Alex Tweedly alex at tweedly.net
Fri Jul 14 05:53:00 EDT 2006


Kay C Lan wrote:

> On 7/14/06, Alex Tweedly <alex at tweedly.net> wrote:
>
>> If there was any context where either could appear, there would be an
>> ambiguity - but there isn't.
>
>
> So assuming the new syntax was adopted:
>
> x = 4 -- I assume x is 4

Yes, x has the value 4 when the statement is complete.

> (x = 5) -- I assume x is now 5

Nope - This would give a compile error, just like it does today. It says:
 Handler: bad command
Object: button
Line: (x=5)
Hint: (
It says this because you cannot use an expression alone where a 
statement is expected, because doing so would be pointless. The value of 
the expression has nowhere to go - so it's a useless statement, and not 
allowed.

BTW - do not test this in the one-line message box. The one-line message 
box has the special case that if it sees an expression, it will add a 
"put" in front of it to output the value. That's a convenience special 
to the one-line msgbox. I have to admit this is one piece of behaviour 
that might need to change if this syntax were introduced.

> set the customBoolenProp of stack myStack to (x = 4) -- it would put 
> false

Yes, it would put false into the property

> set the customNumericProp of stack myStack to (x = 6) -- it would put
> 6 into x and into the customProp

Nope.
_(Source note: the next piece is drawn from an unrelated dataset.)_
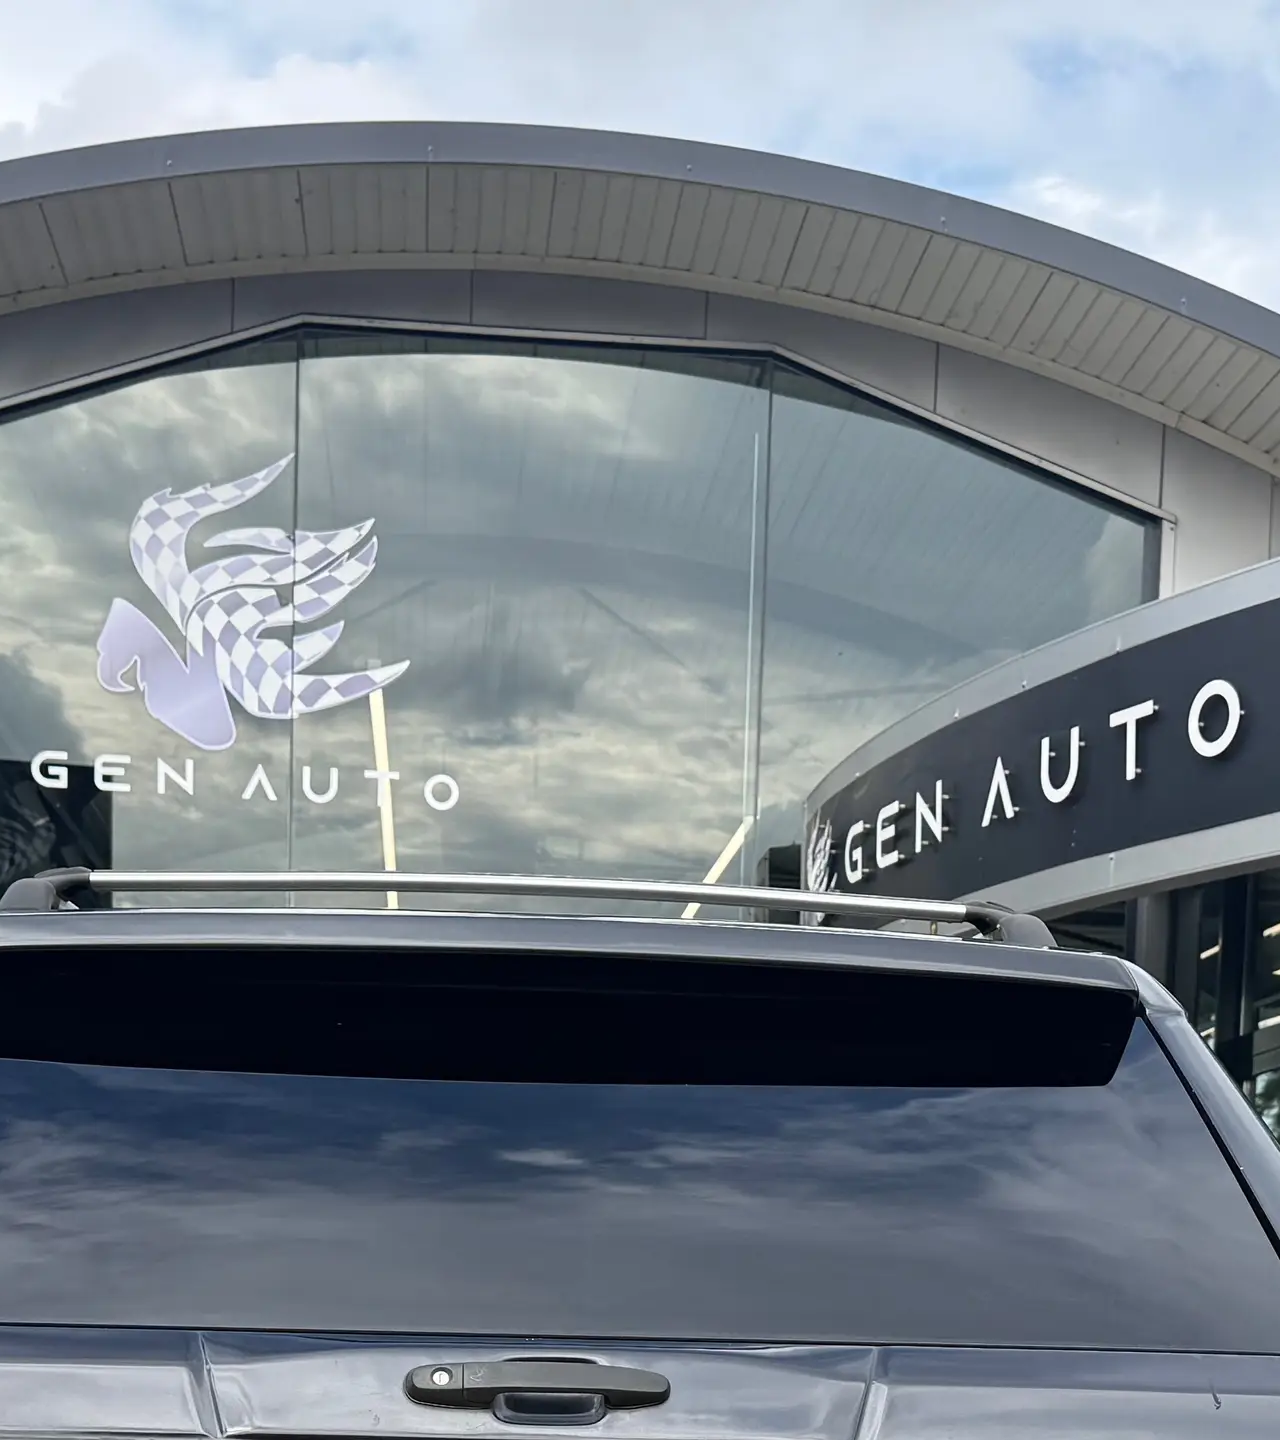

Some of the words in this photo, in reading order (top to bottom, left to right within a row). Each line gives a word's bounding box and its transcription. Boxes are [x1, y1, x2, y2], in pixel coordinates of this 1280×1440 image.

[31, 750, 195, 796] GEN
[242, 763, 460, 811] AUTO
[843, 779, 944, 884] GEN
[981, 678, 1242, 828] AUTO
It would put false into the property, just like it does today. The 
phrase "x=6" is there as part of an expression, and so is calculated as 
part of that expression - has nothing to do with an assignment to x.

>
> If I got use to 'x = 4' being a valid var assignment, then I would
> assume that as with other Rev statements, placing it in brackets would
> make it just as valid but calculated earlier, to have it suddenly not
> have it work as expected is some cases (although I really can't see
> myself using the above) would cause confusion.
>
Nope. Today you can put a part of an expression into brackets to force 
the relative order of the clauses of the expression; you cannot put a 
complete statement into brackets - it gives a compile error.  So putting 
"x=4" into brackets as a statement would produce a compile error - just 
like you get today from the statement "(put 2 into x)"

> Although you are probably right in that it may not break current code,
> I see that it could create confusion, or at least have a bunch of
> 'extra' rules associated with it. I also assume that this is why
> languages that use 'x = 6' use 'x == 6', because determining the
> meaning by context seems a little roundabout when you can use syntax.
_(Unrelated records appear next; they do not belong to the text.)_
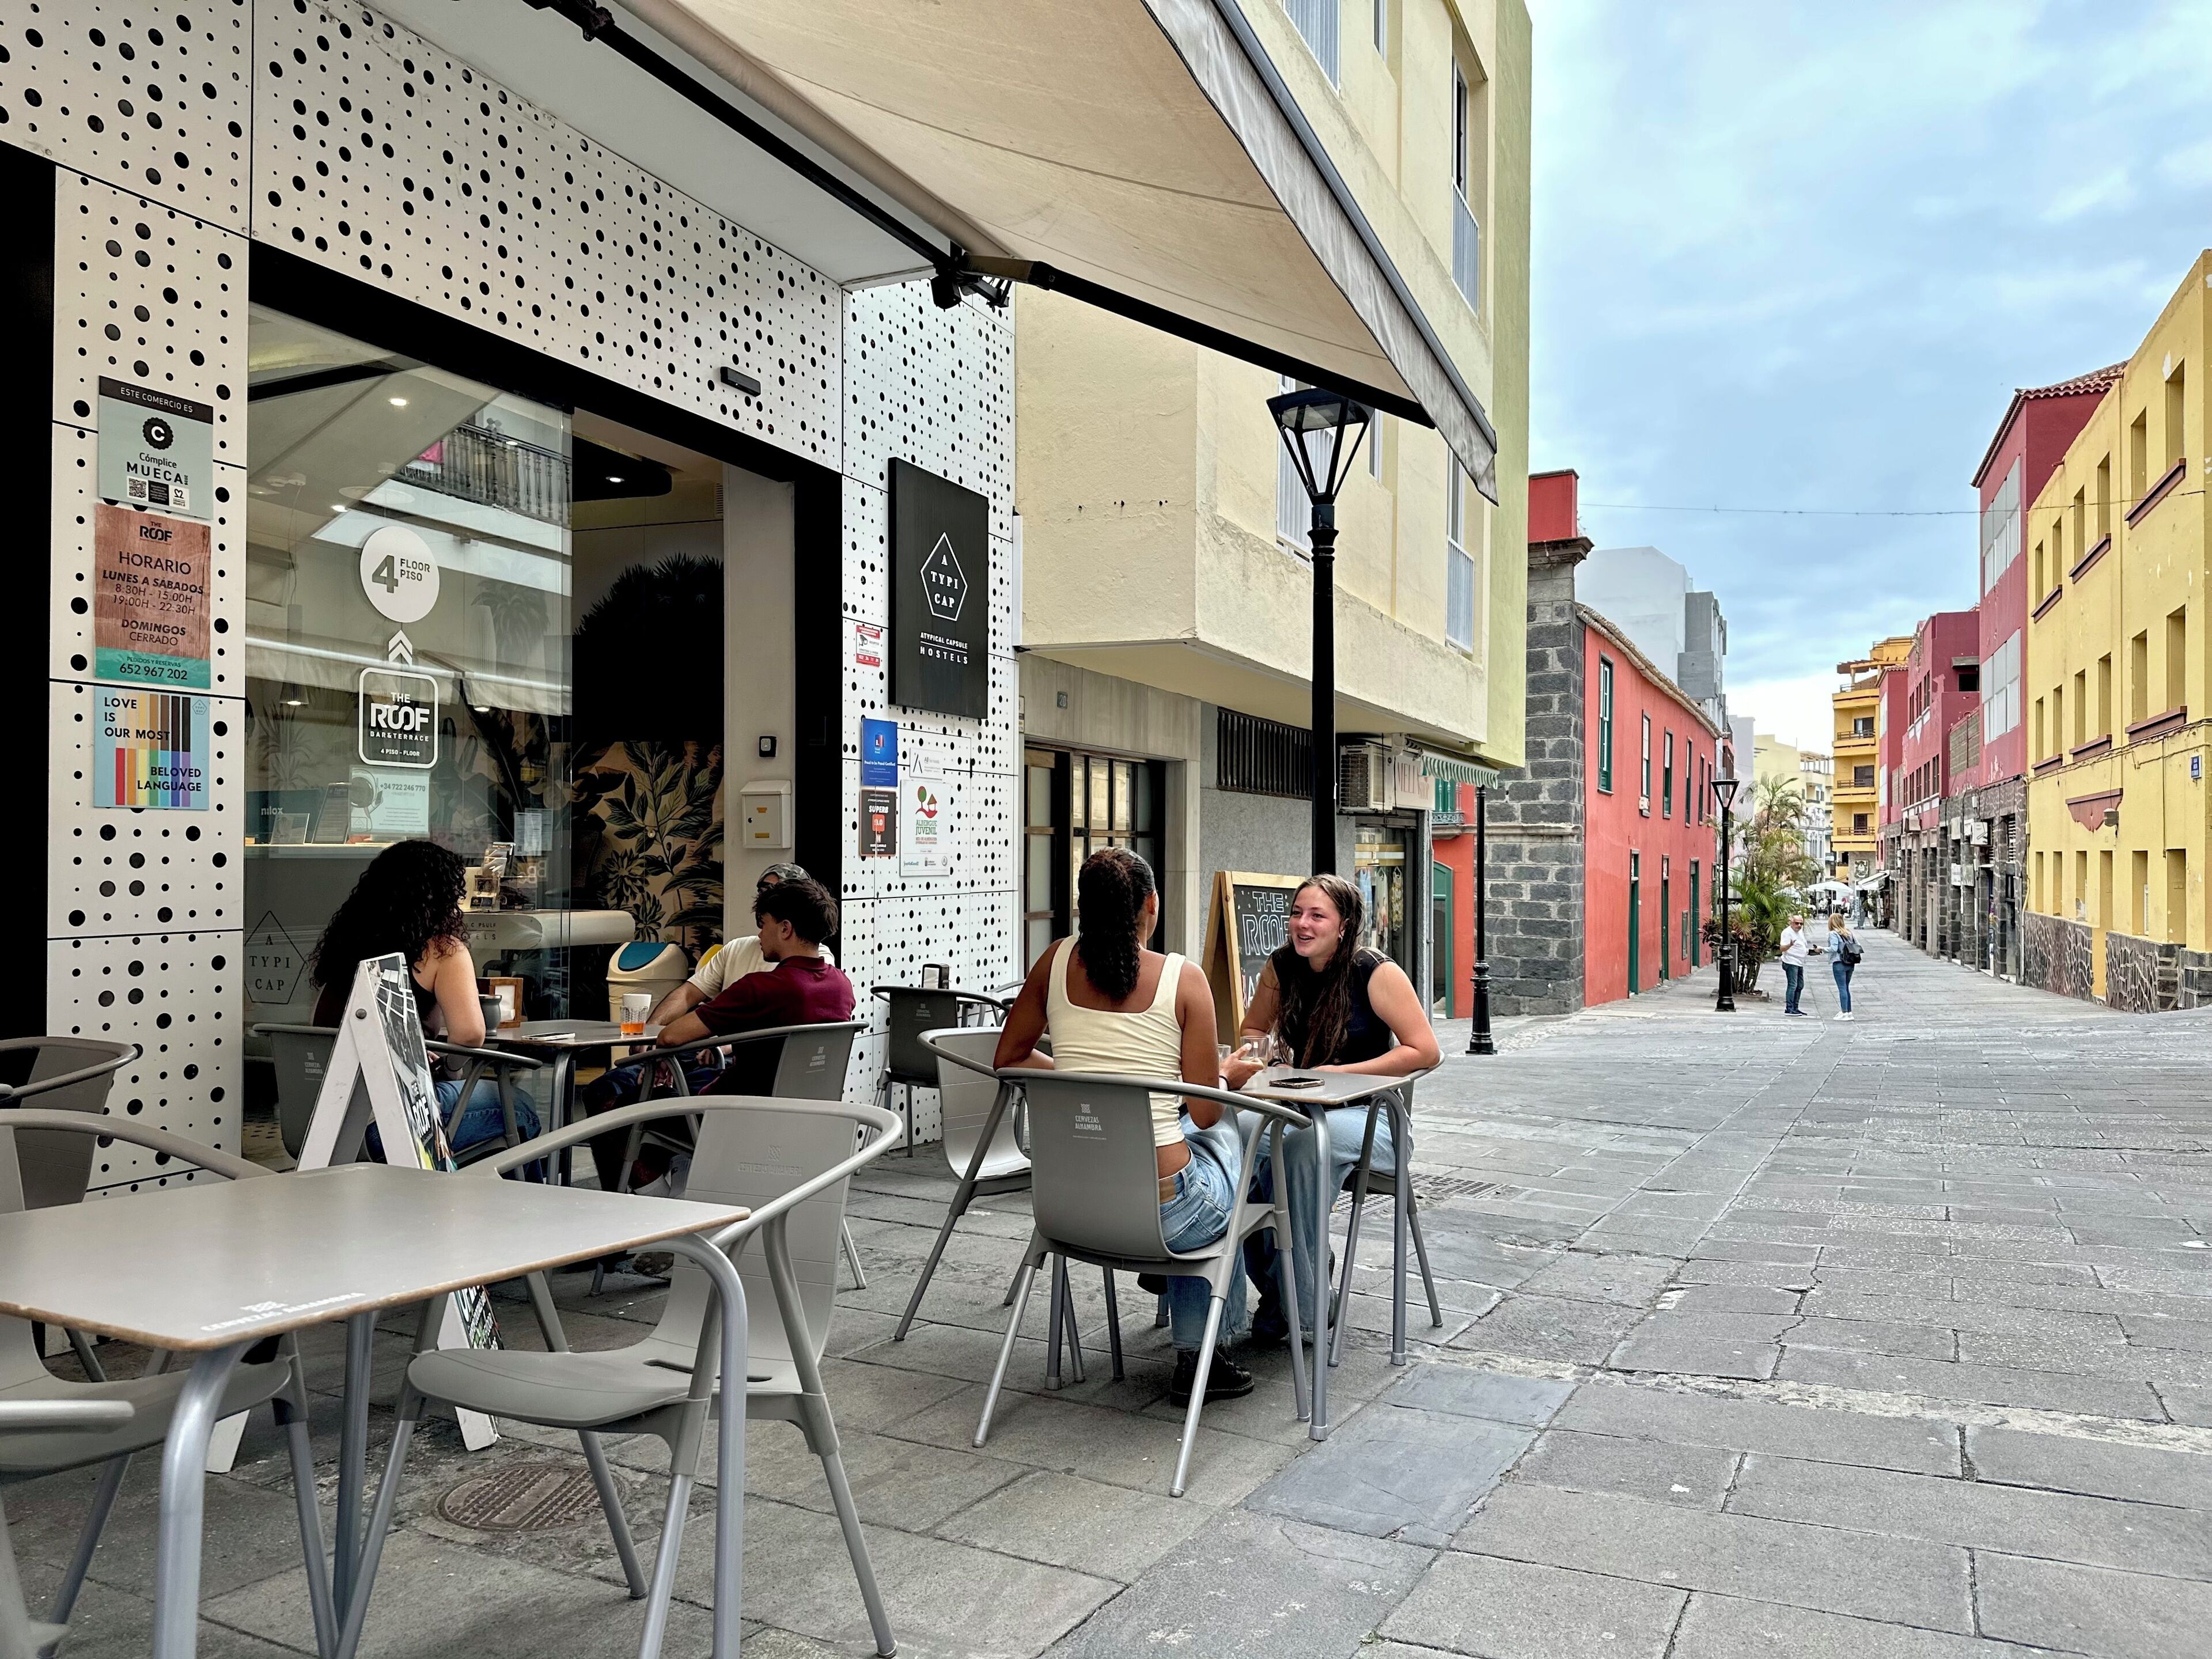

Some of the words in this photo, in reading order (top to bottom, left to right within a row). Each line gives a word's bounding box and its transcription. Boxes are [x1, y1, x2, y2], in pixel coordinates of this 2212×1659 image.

[120, 387, 140, 399] ESTE
[142, 393, 181, 410] COMERCIO
[183, 404, 194, 413] ES
[151, 426, 165, 441] C
[139, 452, 177, 468] Cómplice
[126, 461, 183, 484] MUECA
[139, 525, 172, 542] ROOF
[119, 551, 191, 575] HORARIO
[400, 558, 430, 573] FLOOR
[941, 554, 948, 566] A
[103, 569, 138, 584] LUNES
[141, 577, 149, 586] A
[372, 554, 399, 594] 4
[400, 569, 422, 581] PISO
[930, 570, 959, 590] TYPI
[115, 584, 146, 596] 8:30H
[158, 590, 192, 604] 15:00H
[934, 593, 955, 608] CAP
[113, 594, 149, 608] 19:00H
[159, 602, 195, 615] 22:30H
[121, 619, 186, 636] DOMINGOS
[130, 632, 179, 646] CERRADO
[920, 631, 945, 644] ATYPICAL
[946, 637, 968, 650] CAPSULE
[920, 645, 968, 665] HOSTELS
[119, 663, 141, 675] 652
[143, 666, 165, 677] 967
[167, 668, 188, 680] 202
[104, 696, 137, 709] LOVE
[391, 692, 411, 703] THE
[1059, 694, 1066, 707] 20
[104, 712, 116, 722] IS
[370, 703, 430, 732] ROOF
[104, 727, 130, 738] OUR
[135, 729, 171, 741] MOST
[150, 766, 202, 778] BELOVED
[137, 780, 202, 791] LANGUAGE
[261, 806, 283, 816] nilox
[868, 805, 889, 813] SUPERB
[915, 826, 937, 835] JUVENIL
[1252, 891, 1285, 912] THE
[266, 934, 274, 945] A
[249, 956, 290, 968] TYPI
[255, 979, 285, 990] CAP
[1075, 1115, 1099, 1123] CERVEZAS
[1075, 1123, 1102, 1131] ALHAMBRA
There are various reasons why other languages do that.
In Algol, I believe it was a deliberate choice for academic reasons 
(designed by mathematicians).
    (there may also be cases of ambiguity, but it's been tooooooo long ....)
Pascal followed it (I think).
FORTRAN had a single pass, non-recursive, non-backtracking  parser, so 
needed to did it the very easy way :-)
    (funny - no-one's even suggested Transcript use "x .eq. 4" for 
equality comparisons :-)
In C, there are places where the syntax allows *either* a statement *or* 
an expression (e.g. in the sub-clauses of the for statement), so you 
need to use different operators to distinguish the two cases  Actually, 
in C the assignment operator is just another operator - it 'returns' the 
result of the operation - so it can be mixed freely within expressions 
(e.g.   x = 4 + (y=4)   put 8 into x !!)

And, I think, some languages just do it because their designers/users 
are used to having different operators, so they did the same.

On the other hand, there are a variety of languages (Babbage !?, many 
variants of Basic) which don't have those issues, so simply allow a 
single "=" for assignment or for equality comparison.

Transcript is a straightforward language (though very extensive), so 
there is no difficulty distinguishing the two cases.